══ AVAILABLE RECORDS

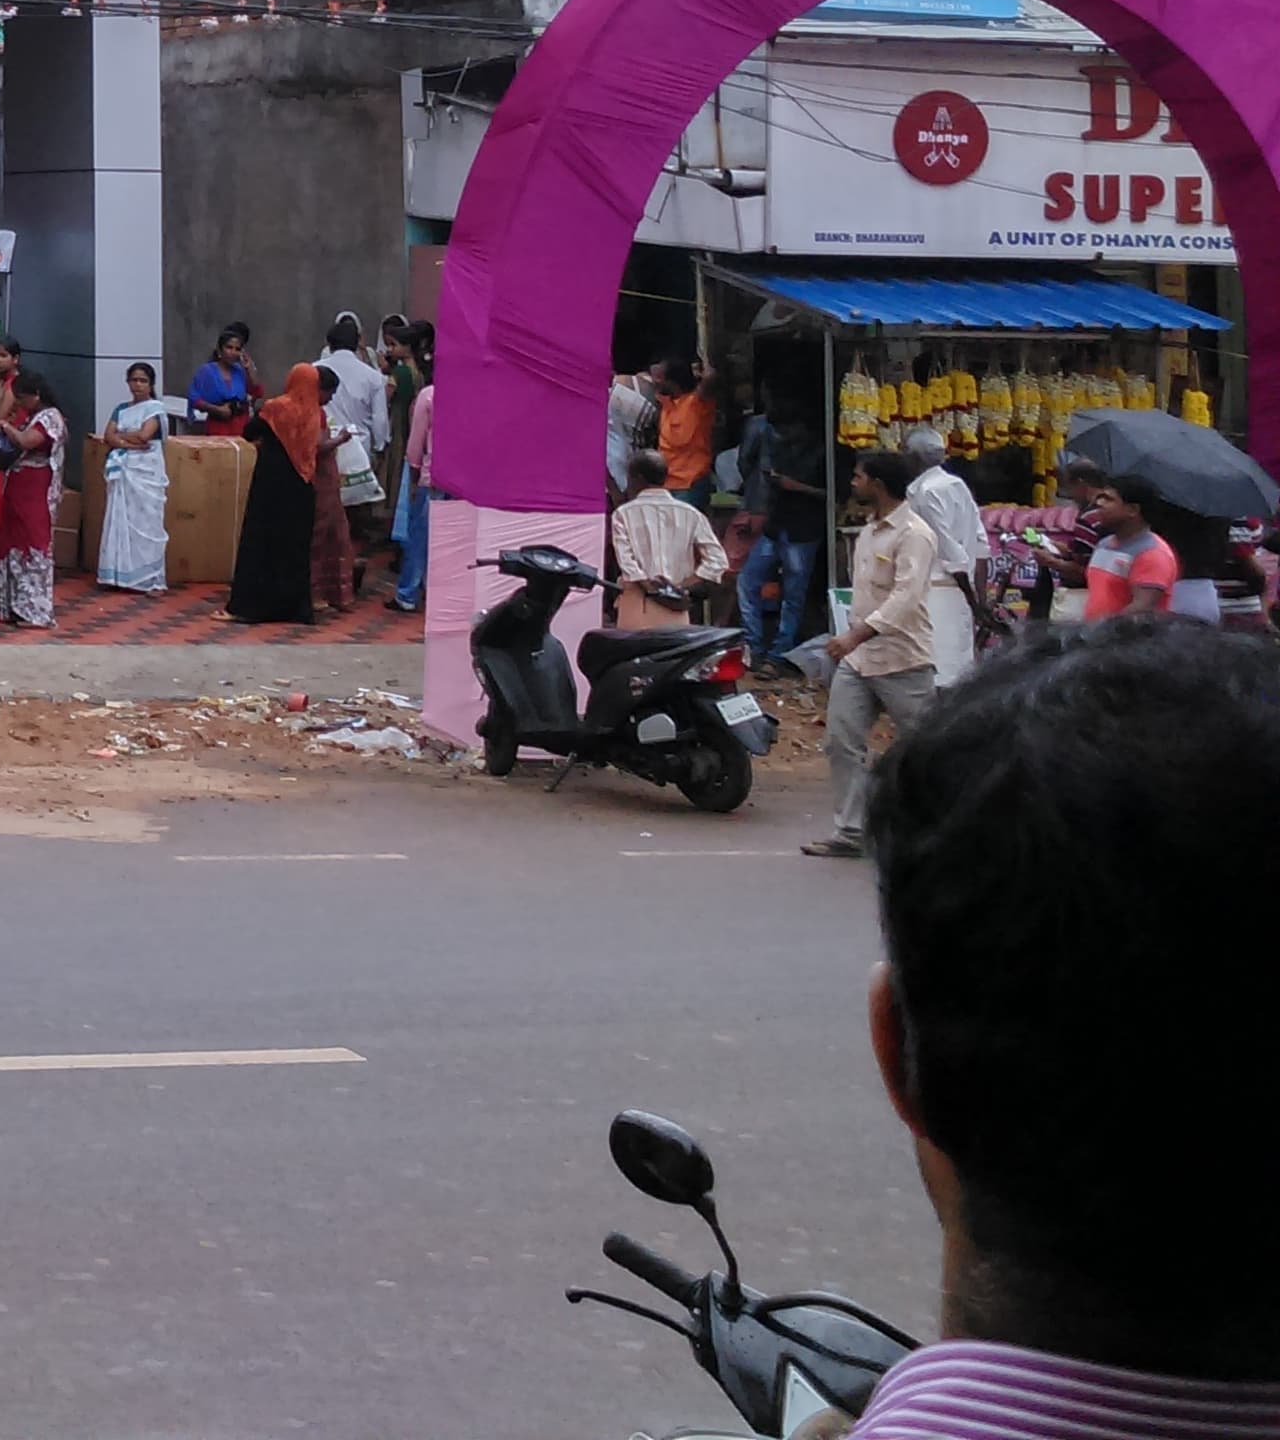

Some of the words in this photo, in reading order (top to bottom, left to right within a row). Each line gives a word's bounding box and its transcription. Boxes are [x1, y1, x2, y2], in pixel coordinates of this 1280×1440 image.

[918, 131, 968, 146] Dhanya
[988, 231, 1003, 245] A
[1007, 232, 1056, 246] UNIT
[1060, 233, 1087, 247] OF
[1091, 234, 1176, 248] DHANYA
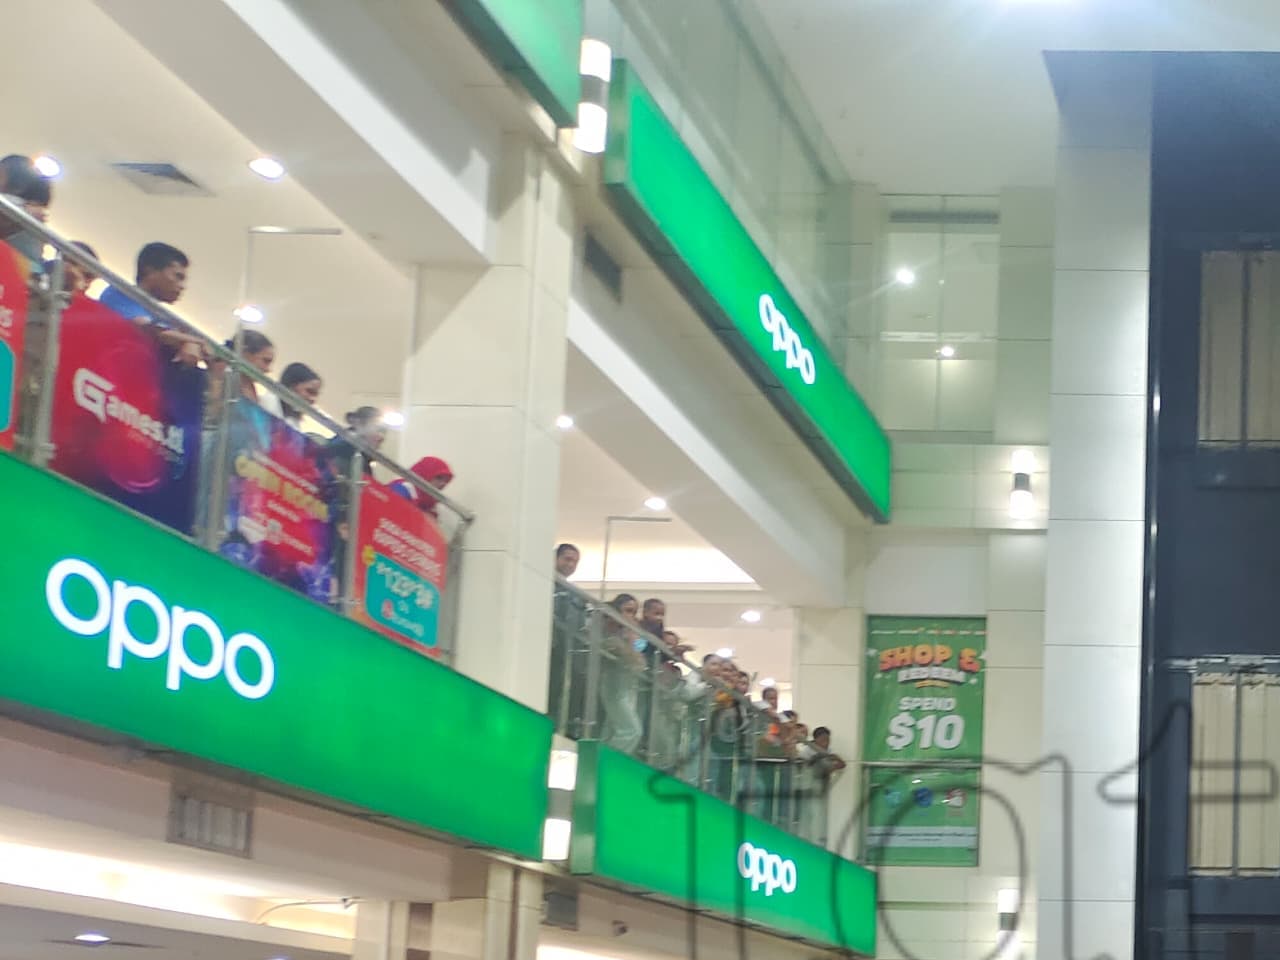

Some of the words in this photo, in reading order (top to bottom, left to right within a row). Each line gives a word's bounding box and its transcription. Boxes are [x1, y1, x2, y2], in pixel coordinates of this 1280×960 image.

[878, 643, 953, 672] SHOP
[958, 647, 982, 673] &
[898, 696, 957, 711] SPEND
[885, 711, 965, 751] $10
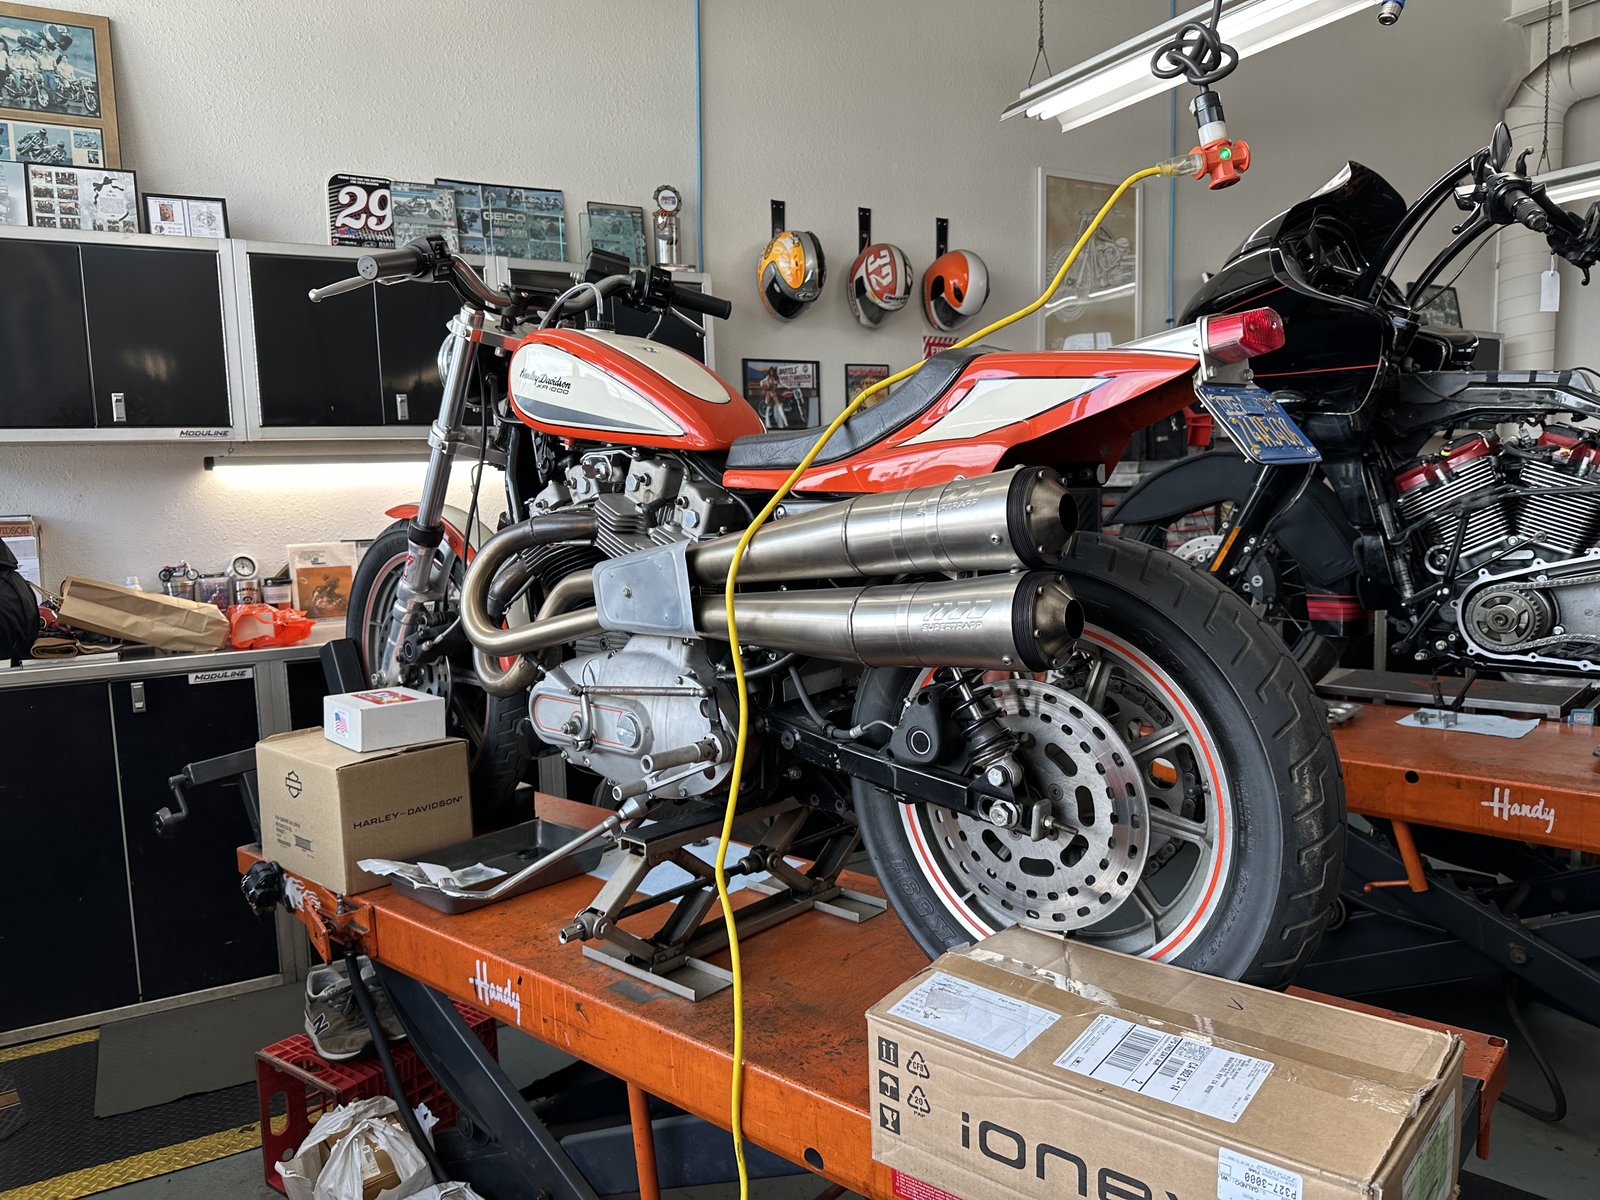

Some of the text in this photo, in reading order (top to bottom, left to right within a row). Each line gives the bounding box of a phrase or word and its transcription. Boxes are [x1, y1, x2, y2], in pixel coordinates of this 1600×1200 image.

[334, 185, 394, 231] 29
[482, 211, 526, 222] GEICO
[867, 249, 893, 291] 32
[0, 526, 30, 534] IDSON
[922, 620, 983, 632] SUPERTRAPP
[194, 670, 247, 680] MODULINE
[1480, 786, 1556, 834] Handy
[468, 959, 520, 1026] Handy
[312, 1012, 330, 1036] N
[912, 1061, 924, 1072] CFB
[914, 1096, 923, 1106] 20
[961, 1111, 1179, 1200] ione
[1244, 1172, 1297, 1200] P327-3000
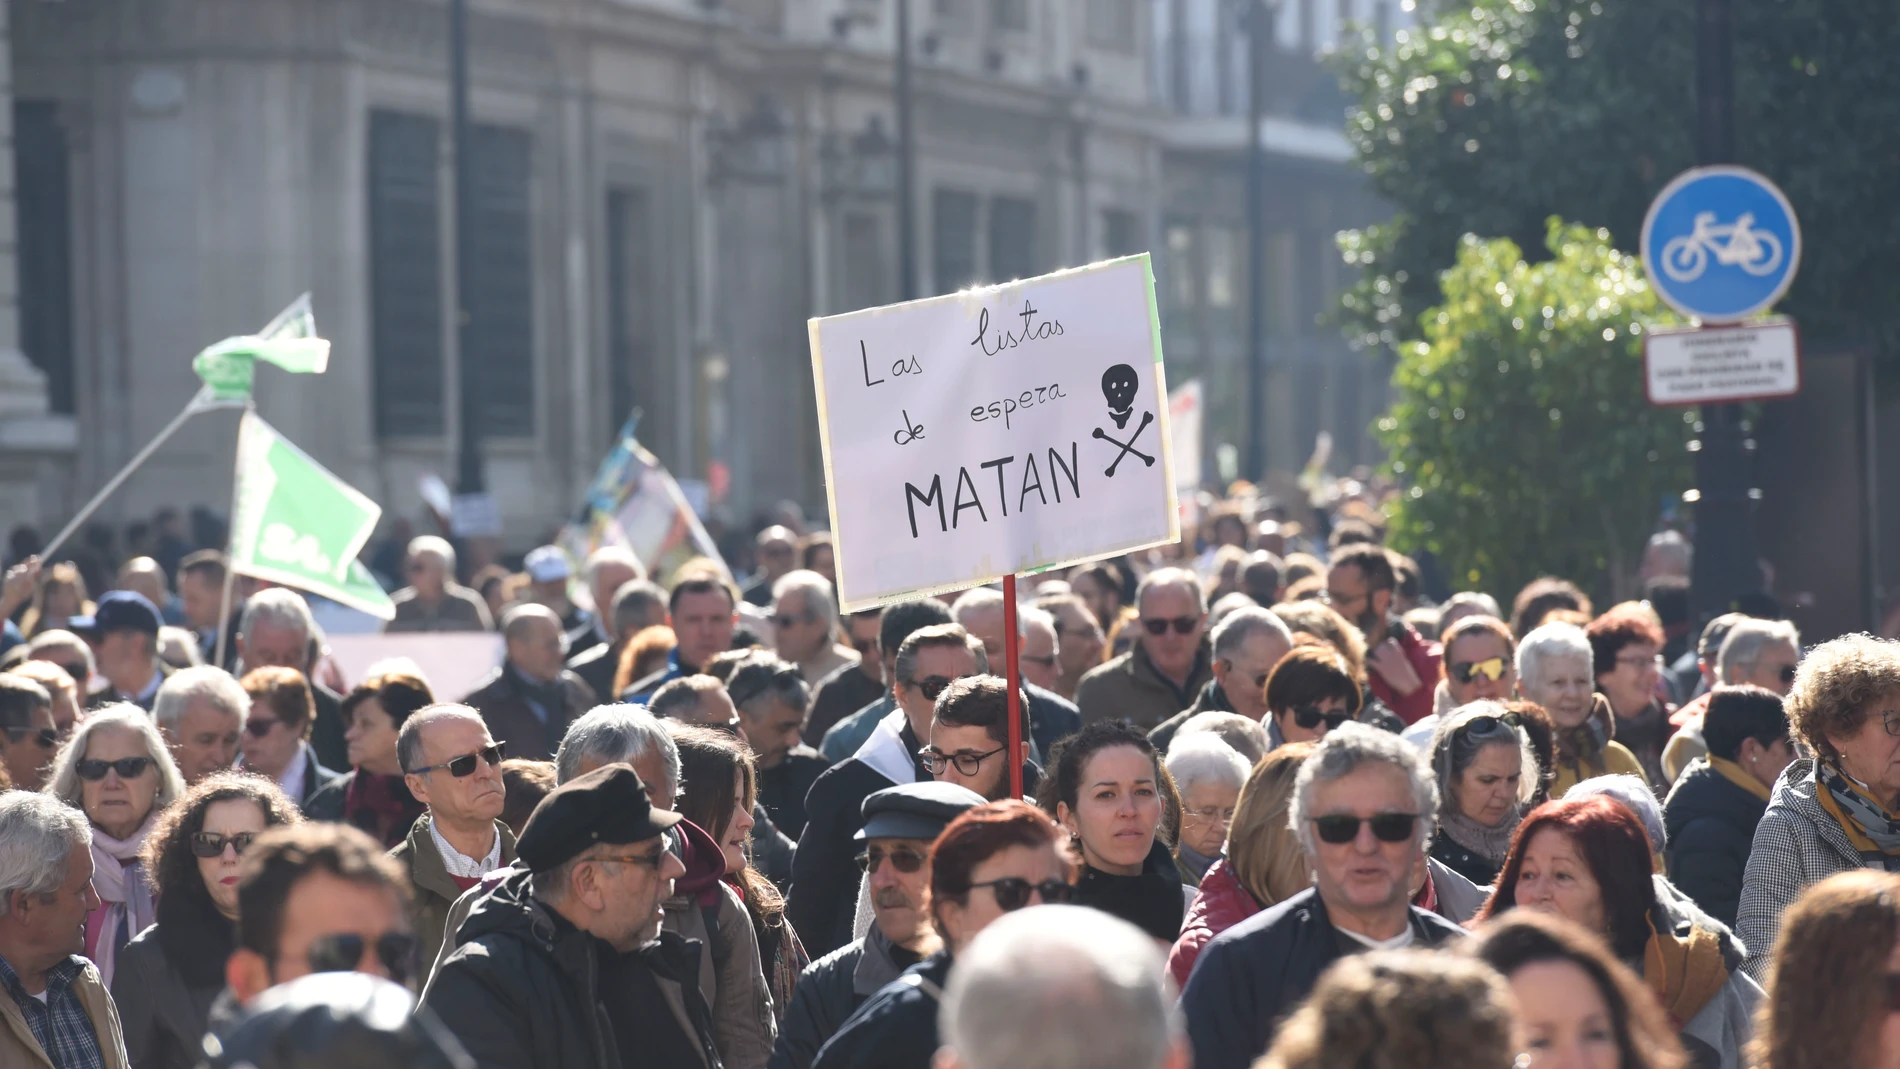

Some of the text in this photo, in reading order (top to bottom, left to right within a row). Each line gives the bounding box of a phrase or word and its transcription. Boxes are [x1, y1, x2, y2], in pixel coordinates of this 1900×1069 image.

[860, 299, 1065, 387] Las listas
[893, 382, 1067, 446] de espera
[904, 441, 1081, 539] MATAN

════

TASK GOAL
Please retype all the entries word for word, omitting the pictures.

SOLUTION BELOW
Some of the words in this photo, in reading order (top to bottom, left to right within a row). Each line gives a word's bounding box and its transcription. Boxes are [x1, y1, x2, y2], in pixel coordinates of this 1280×1440 image.

[918, 131, 968, 146] Dhanya
[988, 231, 1003, 245] A
[1007, 232, 1056, 246] UNIT
[1060, 233, 1087, 247] OF
[1091, 234, 1176, 248] DHANYA

Some of the words in this photo, in reading order (top to bottom, left to right within a row). Each line gives a word's bounding box and its transcription. Boxes are [x1, y1, x2, y2], in pixel coordinates of this 1280×960 image.

[878, 643, 953, 672] SHOP
[958, 647, 982, 673] &
[898, 696, 957, 711] SPEND
[885, 711, 965, 751] $10

Some of the text in this photo, in reading order (top to bottom, left to right within a row). Each line gives the bounding box of a phrase or word and its transcription. Boxes are [x1, y1, x2, y2], in pixel coordinates of this 1600×1200 image.

[334, 185, 394, 231] 29
[482, 211, 526, 222] GEICO
[867, 249, 893, 291] 32
[0, 526, 30, 534] IDSON
[922, 620, 983, 632] SUPERTRAPP
[194, 670, 247, 680] MODULINE
[1480, 786, 1556, 834] Handy
[468, 959, 520, 1026] Handy
[312, 1012, 330, 1036] N
[912, 1061, 924, 1072] CFB
[914, 1096, 923, 1106] 20
[961, 1111, 1179, 1200] ione
[1244, 1172, 1297, 1200] P327-3000

Some of the text in this photo, in reading order (top to bottom, left to right within a row). Each line gives the bounding box of a phrase or word and its transcription. Boxes are [x1, y1, x2, y2], in pixel coordinates of this 1900×1069 image.

[860, 299, 1065, 387] Las listas
[893, 382, 1067, 446] de espera
[904, 441, 1081, 539] MATAN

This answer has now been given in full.